WHAT TO PRODUCE:
Set down exactly the lines that run from the line with "this 2100×1574 image." to the end of the data, and nothing else.

PROVIDED ENTRIES Start Marker

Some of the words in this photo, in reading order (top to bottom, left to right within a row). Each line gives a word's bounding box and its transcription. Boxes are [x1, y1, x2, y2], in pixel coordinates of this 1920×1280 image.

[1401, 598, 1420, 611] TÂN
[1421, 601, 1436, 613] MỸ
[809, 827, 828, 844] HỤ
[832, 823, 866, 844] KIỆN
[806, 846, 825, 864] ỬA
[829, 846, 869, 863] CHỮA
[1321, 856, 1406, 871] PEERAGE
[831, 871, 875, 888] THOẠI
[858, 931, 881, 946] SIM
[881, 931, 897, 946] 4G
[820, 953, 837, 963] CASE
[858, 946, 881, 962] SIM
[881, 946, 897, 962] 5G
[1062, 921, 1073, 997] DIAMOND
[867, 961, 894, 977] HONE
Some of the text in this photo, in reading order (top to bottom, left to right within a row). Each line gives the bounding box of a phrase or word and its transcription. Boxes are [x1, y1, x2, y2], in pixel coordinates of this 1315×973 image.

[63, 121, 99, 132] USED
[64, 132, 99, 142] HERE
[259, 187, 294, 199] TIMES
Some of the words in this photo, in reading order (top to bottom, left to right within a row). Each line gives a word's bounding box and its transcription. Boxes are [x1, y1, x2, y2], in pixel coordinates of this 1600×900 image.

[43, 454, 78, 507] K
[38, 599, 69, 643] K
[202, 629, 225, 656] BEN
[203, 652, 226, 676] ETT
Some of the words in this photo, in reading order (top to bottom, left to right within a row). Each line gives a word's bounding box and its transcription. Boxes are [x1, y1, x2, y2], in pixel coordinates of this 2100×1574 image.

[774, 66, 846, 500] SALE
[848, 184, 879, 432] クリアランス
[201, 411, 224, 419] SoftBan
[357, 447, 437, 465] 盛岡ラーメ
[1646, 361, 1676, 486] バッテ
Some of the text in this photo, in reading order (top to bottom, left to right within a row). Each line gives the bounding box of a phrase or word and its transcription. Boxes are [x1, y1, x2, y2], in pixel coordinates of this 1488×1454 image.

PROVIDED ENTRIES End Marker

REPLY:
Some of the words in this photo, in reading order (top to bottom, left to right within a row). Each line gives a word's bounding box and its transcription. Boxes are [x1, y1, x2, y2], in pixel coordinates of this 2100×1574 image.

[774, 66, 846, 500] SALE
[848, 184, 879, 432] クリアランス
[201, 411, 224, 419] SoftBan
[357, 447, 437, 465] 盛岡ラーメ
[1646, 361, 1676, 486] バッテ
Some of the text in this photo, in reading order (top to bottom, left to right within a row). Each line gives the bounding box of a phrase or word and its transcription. Boxes are [x1, y1, x2, y2], in pixel coordinates of this 1488×1454 image.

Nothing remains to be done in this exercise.